━━━ Available records

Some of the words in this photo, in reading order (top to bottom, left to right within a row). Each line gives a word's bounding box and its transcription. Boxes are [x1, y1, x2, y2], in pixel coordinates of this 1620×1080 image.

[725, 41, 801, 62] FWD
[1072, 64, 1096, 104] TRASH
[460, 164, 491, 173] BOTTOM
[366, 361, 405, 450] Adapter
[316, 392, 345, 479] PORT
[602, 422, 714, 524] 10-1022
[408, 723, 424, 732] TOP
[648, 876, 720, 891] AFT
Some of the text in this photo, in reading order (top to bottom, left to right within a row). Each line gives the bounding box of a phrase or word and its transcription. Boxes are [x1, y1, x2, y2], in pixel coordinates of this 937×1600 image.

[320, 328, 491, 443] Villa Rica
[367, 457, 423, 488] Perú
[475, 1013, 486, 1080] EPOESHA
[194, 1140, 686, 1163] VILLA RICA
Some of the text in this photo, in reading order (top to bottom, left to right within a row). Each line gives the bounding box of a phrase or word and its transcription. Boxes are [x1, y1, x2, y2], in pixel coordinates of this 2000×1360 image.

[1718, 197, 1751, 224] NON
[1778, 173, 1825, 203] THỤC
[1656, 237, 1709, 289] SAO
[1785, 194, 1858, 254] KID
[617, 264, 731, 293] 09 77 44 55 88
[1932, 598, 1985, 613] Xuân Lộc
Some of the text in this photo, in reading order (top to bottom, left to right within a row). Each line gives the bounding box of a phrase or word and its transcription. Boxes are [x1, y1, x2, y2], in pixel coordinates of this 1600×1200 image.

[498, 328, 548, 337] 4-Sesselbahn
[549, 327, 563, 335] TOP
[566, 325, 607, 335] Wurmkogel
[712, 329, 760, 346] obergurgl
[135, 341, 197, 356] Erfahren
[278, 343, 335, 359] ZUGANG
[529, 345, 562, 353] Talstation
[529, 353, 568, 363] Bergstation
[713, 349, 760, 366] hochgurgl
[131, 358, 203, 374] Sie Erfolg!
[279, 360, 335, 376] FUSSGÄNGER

━━━━━━

**Required work**
Nothing in the material may be left out; write it all out verbatim.

**Expected output**
Some of the words in this photo, in reading order (top to bottom, left to right within a row). Each line gives a word's bounding box and its transcription. Boxes are [x1, y1, x2, y2], in pixel coordinates of this 1620×1080 image.

[725, 41, 801, 62] FWD
[1072, 64, 1096, 104] TRASH
[460, 164, 491, 173] BOTTOM
[366, 361, 405, 450] Adapter
[316, 392, 345, 479] PORT
[602, 422, 714, 524] 10-1022
[408, 723, 424, 732] TOP
[648, 876, 720, 891] AFT
Some of the text in this photo, in reading order (top to bottom, left to right within a row). Each line gives the bounding box of a phrase or word and its transcription. Boxes are [x1, y1, x2, y2], in pixel coordinates of this 937×1600 image.

[320, 328, 491, 443] Villa Rica
[367, 457, 423, 488] Perú
[475, 1013, 486, 1080] EPOESHA
[194, 1140, 686, 1163] VILLA RICA
Some of the text in this photo, in reading order (top to bottom, left to right within a row). Each line gives the bounding box of a phrase or word and its transcription. Boxes are [x1, y1, x2, y2], in pixel coordinates of this 2000×1360 image.

[1718, 197, 1751, 224] NON
[1778, 173, 1825, 203] THỤC
[1656, 237, 1709, 289] SAO
[1785, 194, 1858, 254] KID
[617, 264, 731, 293] 09 77 44 55 88
[1932, 598, 1985, 613] Xuân Lộc
Some of the text in this photo, in reading order (top to bottom, left to right within a row). Each line gives the bounding box of a phrase or word and its transcription. Boxes are [x1, y1, x2, y2], in pixel coordinates of this 1600×1200 image.

[498, 328, 548, 337] 4-Sesselbahn
[549, 327, 563, 335] TOP
[566, 325, 607, 335] Wurmkogel
[712, 329, 760, 346] obergurgl
[135, 341, 197, 356] Erfahren
[278, 343, 335, 359] ZUGANG
[529, 345, 562, 353] Talstation
[529, 353, 568, 363] Bergstation
[713, 349, 760, 366] hochgurgl
[131, 358, 203, 374] Sie Erfolg!
[279, 360, 335, 376] FUSSGÄNGER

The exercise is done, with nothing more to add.